De nada vale a Petrobras extrair mais de 2 milhões de barris/dia do pré-sal a custos inferiores a US$ 30 por barril, já computando os custos de exploração, frete de equipamentos e impostos e participações governamentais, um nível quase 70% inferior aos preços internacionais, sem transferir essas vantagens comparativas que nenhuma economia das Américas, da Europa (salvo Noruega e Reino Unido grandes produtores de petróleo e gás), da África, Índia, Japão e Coreia do Sul, e até a China, desfruta. Se eles tivessem petróleo ou outra fonte de energia de baixo custo, usariam o insumo para aumentar as vantagens competitivas de sua produção industrial e da cadeia produtiva.

Pelo absurdo liberalismo do PPI (criado para facilitar a privatização fatiada da Petrobras, sobretudo as refinarias – das cinco grandes oferecidas só houve interesse na pioneira Landulpho Alves, na Bahia, arrematada bem abaixo do valor avaliado pelo fundo Mubadala, dos Emirados Árabes Unidos – uma história ainda muito mal explicada), a Petrobras era obrigada a alinhar os preços aos do mercado internacional. Isso gerou lucros fabulosos à estatal. Mas, em vez de reverter para a sociedade, com preços mais acessíveis e insumos mais baratos às atividades industriais, do transporte (de cargas e passageiros, dependentes do óleo diesel), ou investimentos em novas fontes de energia, os lucros foram transferidos a felizardos acionistas. A distribuição bilionária de dividendos foi três a quatro vezes superior ao mínimo de 25% dos lucros anuais, obrigatórios segundo a Lei das Sociedades Anônimas.

Como o tema do petróleo é sensível politicamente, o ministro das Minas e Energia, Alexandre Silveira, empresário e deputado mineiro do PSD, cuja pasta fixou esvaziada com a privatização apressada da Eletrobrás no ano passado, tratou de dar pitacos, anunciando, antes da hora, que o governo iria aproveitar a situação para “abrasileirar os preços” dos combustíveis. Essa foi uma proposta da campanha de Lula e faz todo sentido (como escrevi antes). Mas a Petrobras é uma empresa de capital aberto, presidida pelo ex-senador Jean Paul Prates, um especialista em energia.
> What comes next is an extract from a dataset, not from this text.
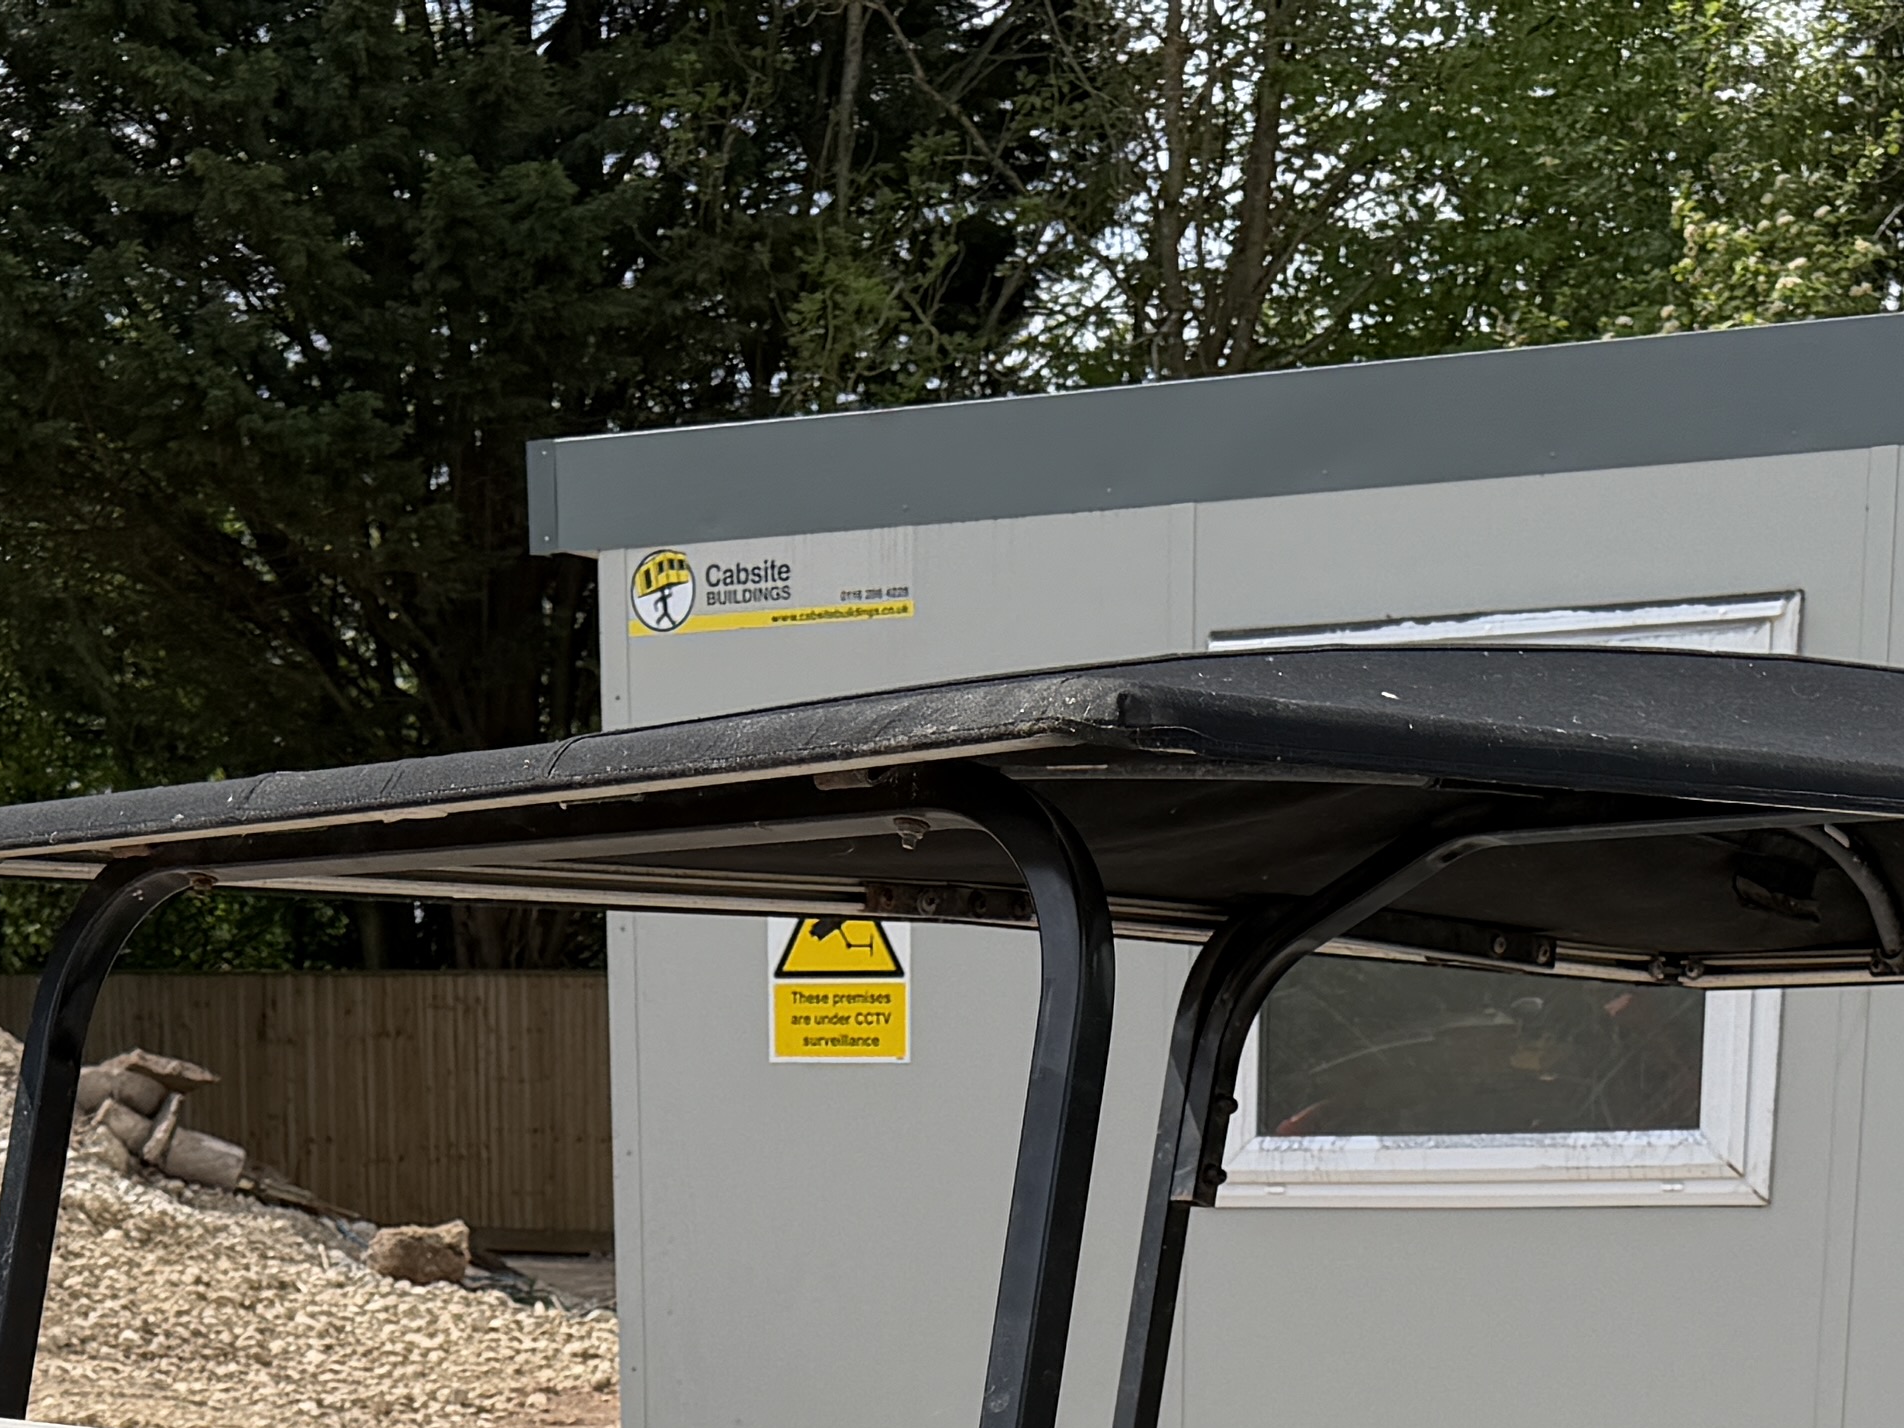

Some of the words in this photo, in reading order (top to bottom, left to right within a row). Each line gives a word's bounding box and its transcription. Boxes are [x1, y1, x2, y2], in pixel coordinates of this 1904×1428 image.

E, antes que o tema seja adotado, precisa ser amplamente discutido no Conselho Nacional de Política Energética (o estímulo ao consumo de combustíveis fósseis pode deslocar a demanda de energia renovável – hidroelétrica, solar e eólica). Por isso, instada pela Comissão de Valores Mobiliários (CVM) se a política do PPI seria abandonada [na verdade, a Petrobras vem dando elasticidade aos intervalos de reajuste], a direção da companhia respondeu que nada havia sido alterado. Tanto bastou para a mídia explorar divergências [inexistentes] entre o ministro e o presidente da Petrobras. Lula deixou claro que a palavra final do tema (a ser devidamente debatido no CNPE e explorado politicamente por seu governo), será dele, o presidente da República. O chefe e árbitro das disputas na administração.